Man jailed, immediately released in 'unique case'

·2-min read
Jenny Evans/AAP PHOTOS

A man has been immediately released after being sentenced to jail time in a unique case where his partner tried to weaponise the law, a judge has ruled.

Ryan James Parnell, 36, faced sentencing on Thursday after pleading guilty to one count of using a carriage service to procure an underage person to engage in sex, believing them to be underage.

He accepted an Instagram follow request from a fictitious account purporting to be a 15-year-old girl in January 2022.

It was his then-girlfriend who lived with him at the time.

Months earlier, she confronted him after another woman told her she had been asked for nude photographs from an account called "billybobdude4343".

Parnell told her: "I'm going to delete it. I'm not using it anyway."

After accepting the request, Parnell messaged the account to ask if she had an OnlyFans account.

"She replied she was 15 and therefore did not have an OnlyFans account," Judge Andrew Scotting said on Thursday.

Parnell continued messaging the account, using two separate accounts, sending videos of himself masturbating that he wanted reciprocated, and describing sex acts he liked to engage in with young girls.

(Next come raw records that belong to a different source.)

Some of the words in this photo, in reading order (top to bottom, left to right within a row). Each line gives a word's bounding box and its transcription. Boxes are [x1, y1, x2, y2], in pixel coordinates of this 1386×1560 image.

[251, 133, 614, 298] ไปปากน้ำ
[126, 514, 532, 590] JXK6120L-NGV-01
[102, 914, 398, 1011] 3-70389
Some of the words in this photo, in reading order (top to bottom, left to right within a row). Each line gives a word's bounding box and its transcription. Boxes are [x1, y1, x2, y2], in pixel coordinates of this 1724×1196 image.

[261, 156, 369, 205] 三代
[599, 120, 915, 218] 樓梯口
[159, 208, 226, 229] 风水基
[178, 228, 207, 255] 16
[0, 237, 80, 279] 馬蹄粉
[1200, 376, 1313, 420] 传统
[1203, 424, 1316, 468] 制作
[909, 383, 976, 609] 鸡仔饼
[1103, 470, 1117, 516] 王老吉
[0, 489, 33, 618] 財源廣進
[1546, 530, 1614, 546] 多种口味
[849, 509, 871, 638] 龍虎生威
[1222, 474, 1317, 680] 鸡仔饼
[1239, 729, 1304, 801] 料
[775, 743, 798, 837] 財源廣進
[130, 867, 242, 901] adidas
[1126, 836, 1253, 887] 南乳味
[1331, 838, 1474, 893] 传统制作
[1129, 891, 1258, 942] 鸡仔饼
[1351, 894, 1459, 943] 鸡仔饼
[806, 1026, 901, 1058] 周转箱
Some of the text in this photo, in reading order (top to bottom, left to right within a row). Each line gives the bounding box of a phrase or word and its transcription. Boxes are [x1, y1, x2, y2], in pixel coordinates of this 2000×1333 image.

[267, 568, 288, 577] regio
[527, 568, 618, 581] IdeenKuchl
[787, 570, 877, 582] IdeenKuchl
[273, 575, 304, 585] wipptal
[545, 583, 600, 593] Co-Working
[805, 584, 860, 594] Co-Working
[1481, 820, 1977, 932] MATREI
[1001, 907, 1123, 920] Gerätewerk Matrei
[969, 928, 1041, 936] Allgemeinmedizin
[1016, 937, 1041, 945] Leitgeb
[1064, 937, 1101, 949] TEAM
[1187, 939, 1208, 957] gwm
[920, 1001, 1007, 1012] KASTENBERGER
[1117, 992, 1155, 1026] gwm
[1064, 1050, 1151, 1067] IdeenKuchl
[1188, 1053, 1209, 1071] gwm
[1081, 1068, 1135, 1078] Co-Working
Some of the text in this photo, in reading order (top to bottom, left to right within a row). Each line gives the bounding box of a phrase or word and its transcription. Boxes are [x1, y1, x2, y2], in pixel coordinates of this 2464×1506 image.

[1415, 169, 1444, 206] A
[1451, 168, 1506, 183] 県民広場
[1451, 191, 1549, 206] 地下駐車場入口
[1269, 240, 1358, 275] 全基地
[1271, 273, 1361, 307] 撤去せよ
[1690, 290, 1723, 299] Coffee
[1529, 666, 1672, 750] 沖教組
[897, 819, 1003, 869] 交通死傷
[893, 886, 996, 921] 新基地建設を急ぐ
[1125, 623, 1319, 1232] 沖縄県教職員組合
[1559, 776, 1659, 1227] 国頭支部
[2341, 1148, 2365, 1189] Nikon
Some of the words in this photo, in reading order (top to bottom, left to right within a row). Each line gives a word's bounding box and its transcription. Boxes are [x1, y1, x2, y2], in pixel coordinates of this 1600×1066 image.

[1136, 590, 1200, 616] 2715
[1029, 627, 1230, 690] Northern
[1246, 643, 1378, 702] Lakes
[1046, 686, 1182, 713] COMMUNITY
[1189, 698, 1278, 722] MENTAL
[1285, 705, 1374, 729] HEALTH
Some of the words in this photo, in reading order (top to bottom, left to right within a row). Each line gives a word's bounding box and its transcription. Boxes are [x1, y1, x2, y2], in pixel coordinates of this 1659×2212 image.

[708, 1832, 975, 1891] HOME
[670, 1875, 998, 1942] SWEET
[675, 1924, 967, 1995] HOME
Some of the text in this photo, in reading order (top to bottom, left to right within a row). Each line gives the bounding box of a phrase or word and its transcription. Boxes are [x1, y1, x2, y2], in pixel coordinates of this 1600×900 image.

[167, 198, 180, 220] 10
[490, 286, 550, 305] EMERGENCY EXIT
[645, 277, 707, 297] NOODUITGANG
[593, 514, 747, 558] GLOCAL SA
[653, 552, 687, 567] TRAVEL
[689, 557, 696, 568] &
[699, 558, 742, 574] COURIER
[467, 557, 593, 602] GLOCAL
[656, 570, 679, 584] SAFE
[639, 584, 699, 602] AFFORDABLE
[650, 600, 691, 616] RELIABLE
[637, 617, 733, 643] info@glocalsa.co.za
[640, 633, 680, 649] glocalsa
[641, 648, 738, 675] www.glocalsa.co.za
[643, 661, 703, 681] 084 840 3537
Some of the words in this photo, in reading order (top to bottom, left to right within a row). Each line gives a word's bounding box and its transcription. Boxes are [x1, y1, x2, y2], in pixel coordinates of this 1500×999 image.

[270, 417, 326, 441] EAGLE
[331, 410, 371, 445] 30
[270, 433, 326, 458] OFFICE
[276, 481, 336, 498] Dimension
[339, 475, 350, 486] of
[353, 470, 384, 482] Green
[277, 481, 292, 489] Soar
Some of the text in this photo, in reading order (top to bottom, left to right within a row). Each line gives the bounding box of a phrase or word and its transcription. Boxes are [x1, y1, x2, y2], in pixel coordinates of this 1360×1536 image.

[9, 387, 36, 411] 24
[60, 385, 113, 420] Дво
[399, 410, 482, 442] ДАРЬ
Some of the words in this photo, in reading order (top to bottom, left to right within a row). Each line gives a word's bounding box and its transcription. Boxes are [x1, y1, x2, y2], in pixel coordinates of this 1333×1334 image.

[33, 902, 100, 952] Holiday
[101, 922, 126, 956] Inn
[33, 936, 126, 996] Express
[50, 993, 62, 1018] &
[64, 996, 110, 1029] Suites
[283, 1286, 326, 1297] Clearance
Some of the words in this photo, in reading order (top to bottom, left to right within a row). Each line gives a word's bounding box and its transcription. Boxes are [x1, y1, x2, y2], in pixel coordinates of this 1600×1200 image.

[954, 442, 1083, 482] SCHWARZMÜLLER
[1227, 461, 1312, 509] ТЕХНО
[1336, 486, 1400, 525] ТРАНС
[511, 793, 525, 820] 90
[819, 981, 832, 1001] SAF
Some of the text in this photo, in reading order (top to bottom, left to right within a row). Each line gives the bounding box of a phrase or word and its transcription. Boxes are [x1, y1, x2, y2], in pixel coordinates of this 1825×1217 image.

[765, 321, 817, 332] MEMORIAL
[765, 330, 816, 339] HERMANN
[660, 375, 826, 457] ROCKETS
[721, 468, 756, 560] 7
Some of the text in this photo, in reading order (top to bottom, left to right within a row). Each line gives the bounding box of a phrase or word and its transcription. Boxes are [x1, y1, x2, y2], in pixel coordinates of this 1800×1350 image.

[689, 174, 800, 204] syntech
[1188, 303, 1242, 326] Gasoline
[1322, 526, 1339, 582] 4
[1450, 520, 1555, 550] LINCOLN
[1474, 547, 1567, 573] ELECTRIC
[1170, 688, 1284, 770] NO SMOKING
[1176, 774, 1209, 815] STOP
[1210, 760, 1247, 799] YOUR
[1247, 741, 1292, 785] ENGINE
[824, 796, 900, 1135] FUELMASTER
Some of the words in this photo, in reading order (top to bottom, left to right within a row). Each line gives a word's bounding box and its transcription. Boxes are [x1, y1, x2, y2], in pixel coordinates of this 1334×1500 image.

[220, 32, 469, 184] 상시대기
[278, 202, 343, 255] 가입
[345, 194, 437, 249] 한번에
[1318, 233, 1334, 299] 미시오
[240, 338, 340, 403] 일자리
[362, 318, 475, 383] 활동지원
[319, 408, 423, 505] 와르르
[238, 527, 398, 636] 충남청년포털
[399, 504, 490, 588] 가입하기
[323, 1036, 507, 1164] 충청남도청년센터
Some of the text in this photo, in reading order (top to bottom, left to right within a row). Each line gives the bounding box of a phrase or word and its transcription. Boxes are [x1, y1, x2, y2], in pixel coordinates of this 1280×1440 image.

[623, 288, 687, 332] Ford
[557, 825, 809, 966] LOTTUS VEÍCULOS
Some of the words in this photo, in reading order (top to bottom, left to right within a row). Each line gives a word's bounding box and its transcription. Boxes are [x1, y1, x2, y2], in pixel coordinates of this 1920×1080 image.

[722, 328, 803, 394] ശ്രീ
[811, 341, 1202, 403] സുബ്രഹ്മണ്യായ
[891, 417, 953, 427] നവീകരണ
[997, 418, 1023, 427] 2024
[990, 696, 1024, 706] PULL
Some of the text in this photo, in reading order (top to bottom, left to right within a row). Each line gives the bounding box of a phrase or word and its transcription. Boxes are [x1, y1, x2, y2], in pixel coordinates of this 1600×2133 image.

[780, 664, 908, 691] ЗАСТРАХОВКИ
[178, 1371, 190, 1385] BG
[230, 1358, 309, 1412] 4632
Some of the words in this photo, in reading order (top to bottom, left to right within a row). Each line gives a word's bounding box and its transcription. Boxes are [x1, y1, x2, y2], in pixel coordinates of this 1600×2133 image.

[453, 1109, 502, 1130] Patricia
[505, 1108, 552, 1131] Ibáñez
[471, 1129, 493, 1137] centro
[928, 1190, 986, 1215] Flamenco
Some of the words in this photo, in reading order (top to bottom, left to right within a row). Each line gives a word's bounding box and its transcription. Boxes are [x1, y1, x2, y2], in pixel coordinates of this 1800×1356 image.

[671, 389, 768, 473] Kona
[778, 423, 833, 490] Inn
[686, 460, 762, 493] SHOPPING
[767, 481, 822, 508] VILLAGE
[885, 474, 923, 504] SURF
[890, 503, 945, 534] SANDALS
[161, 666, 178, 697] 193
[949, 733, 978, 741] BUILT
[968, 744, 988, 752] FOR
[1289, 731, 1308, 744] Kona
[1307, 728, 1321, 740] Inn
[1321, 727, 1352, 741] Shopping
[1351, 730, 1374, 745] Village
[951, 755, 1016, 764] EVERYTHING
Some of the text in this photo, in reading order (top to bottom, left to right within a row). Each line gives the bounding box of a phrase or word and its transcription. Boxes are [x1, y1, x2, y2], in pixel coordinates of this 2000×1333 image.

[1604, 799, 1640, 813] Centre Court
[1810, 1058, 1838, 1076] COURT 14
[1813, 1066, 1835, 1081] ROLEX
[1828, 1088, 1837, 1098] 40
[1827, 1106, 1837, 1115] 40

Some of the messages from the fictitious account encouraged or solicited sexualised responses, Judge Andrew Scotting said in Sydney's Downing Centre District Court on Thursday.

"(Parnell's partner) probably committed the same offence but she has not been charged," the judge said.

She reported him to police.

Her behaviour was different to police targeting people in chatrooms and online spaces known to attract pedophiles, occurring in the direct messages of a widely used social media platform, and with no evidence Parnell had any such proclivities, the judge said.

However, Parnell was previously convicted of offences including a registrable child sex offence, occurring when he was aged between 13 and 19 involving a child about three years younger than him.

Judge Scotting said he has rebuilt his life in a productive way since but that offending had activated a mandatory minimum non-parole period of four years.

The appropriate sentence for his latest "unique case" was well below that minimum.

Parliament had ruled a sentence must be imposed and the judge sentenced Parnell to two years and 10 months imprisonment to expire in March 2026, a sentence he immediately suspended, finding exceptional circumstances.

"His partner has sought to use the criminal law for her own purposes," the judge said.

"She knew of his criminal history and sought to use it against him as a means of controlling him."

Parnell has been immediately released, required to post $1000 recognisance and be of good behaviour for five years.